Arkin's main argument for designing lethal autonomous weapon system as artificial moral agents of this type is that a war without people is for him a more humane war. He thinks that lethal autonomous weapon system will be better able to comply with the jus in bello regulations, thereby saving lives, particularly civilian lives, and helping to avoid war atrocities.
Against Arkin's positive assessment can be objected that lethal autonomous weapon systems might not just make the decision to go to war easier, but that it is intrinsically wrong from a moral point of view to use them. In contrast to pacifism, which strictly condemns the use of violence and the killing of people in war, I am accepting just war theory for the sake of argument. That is, I assume that there is a domain-specific normative ethics that considers the use of violence and the killing of people in war to be morally permissible (or at least excusable) under certain circumstances. Even if these assumptions were true, there are three fundamental moral objections against lethal autonomous weapon system from a moral point of view. These objections are: the argument from responsibility that goes back to Robert Sparrow, the argument from human agency by Alex Leveringhaus, and the argument from moral duty that I developed myself.
One important objection against lethal autonomous weapon system is that they make the attribution of responsibility for acts of killing in war impossible. Robert Sparrow, who elaborated on this argument, describes the emergence of responsibility gaps. For him, an act of killing in war is only morally permissible if it fulfills the criteria of jus in bello, and there is someone who bears responsibility for the act. Autonomous weapons systems may perhaps comply with jus in bello criteria, and arguably do so even better than humans do. Nevertheless, for Sparrow these weapons are morally prohibited if no one can be held responsible for their actions.
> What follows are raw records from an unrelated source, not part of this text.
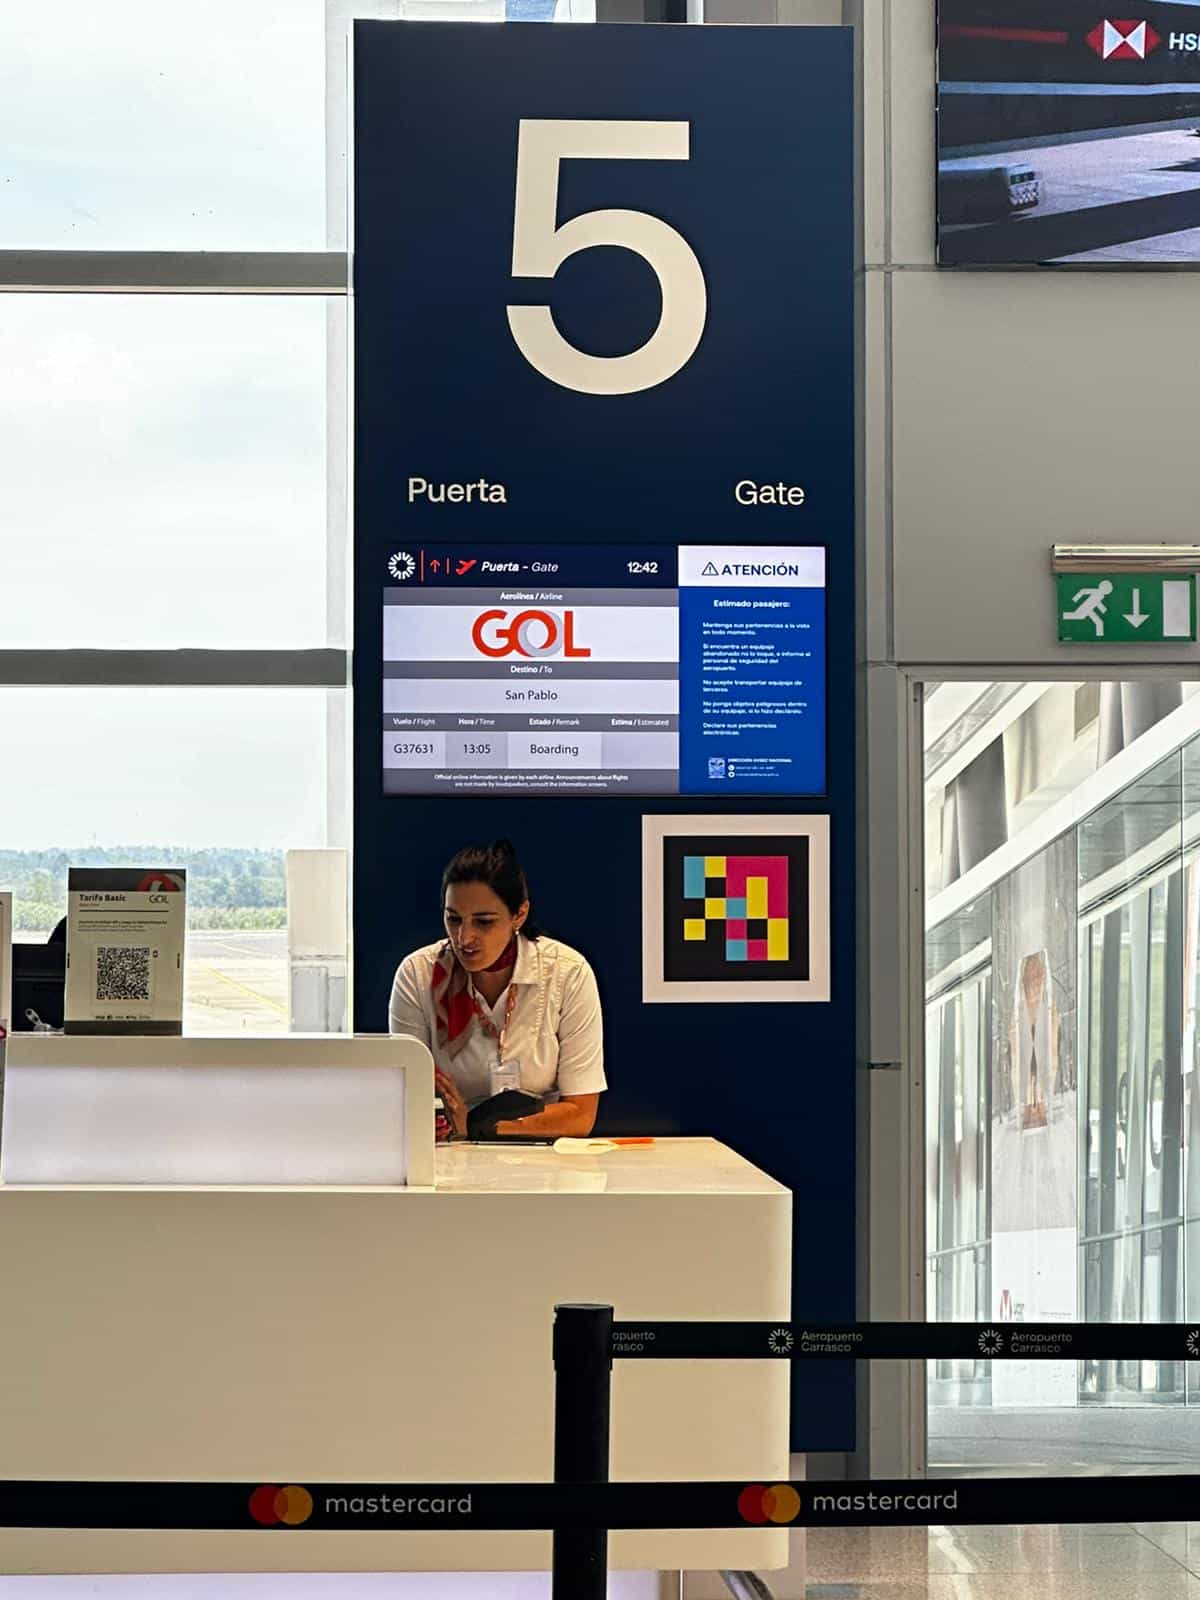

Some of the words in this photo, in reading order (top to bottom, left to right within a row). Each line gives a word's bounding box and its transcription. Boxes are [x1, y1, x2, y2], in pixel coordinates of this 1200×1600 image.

[506, 118, 707, 396] 5
[407, 477, 507, 503] Puerta
[735, 480, 805, 506] Gate
[481, 561, 520, 572] Puerta
[531, 561, 559, 573] Gate
[627, 562, 659, 573] 12:42
[721, 562, 799, 576] ATENCIÓN
[540, 592, 563, 600] Airline
[472, 609, 591, 658] GOL
[510, 665, 538, 673] Destino
[544, 665, 553, 673] To
[505, 690, 525, 701] San
[528, 690, 558, 701] Pablo
[529, 718, 551, 726] Estado
[393, 744, 434, 754] G37631
[463, 744, 491, 754] 13:05
[530, 744, 579, 756] Boarding
[105, 894, 127, 902] Basic
[612, 1330, 656, 1342] opuerto
[801, 1331, 863, 1343] Aeropuerto
[1011, 1332, 1073, 1344] Aeropuerto
[612, 1342, 644, 1351] rasco
[801, 1342, 852, 1352] Carrasco
[1010, 1343, 1062, 1353] Carrasco
[326, 1493, 472, 1513] mastercard
[813, 1489, 959, 1511] mastercard
The crucial issue is exactly who is responsible for the killings done by lethal autonomous weapon system. Sparrow says that ultimately no one can be held morally responsible for the behavior of such systems, neither the programmers, nor the commanders, nor the operators, not to speak of the machine itself (KR 69-71). This is not just a case of collective responsibility where the responsibility is distributed across many persons, so that it might get minimalized to the point of disappearing at the extreme. Although this is a very fundamental problem of war which arises because of it being always a collective undertaking, the argument regarding the responsibility gap does not reduce to the problem of collective responsibility.
A responsibility gap arises if a lethal autonomous weapon system violates the jus in bello provisions, even though (a) it was not intentionally programmed or manipulated to violate the ethical or legal norms of warfare; (b) it was not foreseeable that it would do so; and (c) there was no human control over the machine from the start of the operation (KR 73). The point of the responsibility argument is that one cannot reasonably ascribe responsibility for the acts of an autonomous weapon system to anyone under these conditions, for the criteria for attributing responsibility are neither met by the humans involved nor by the machine itself. There is no intention, no awareness of the consequences, and no control. But if no one bears responsibility for the act of killing of such a system, then it is morally not permissible to deploy such machines.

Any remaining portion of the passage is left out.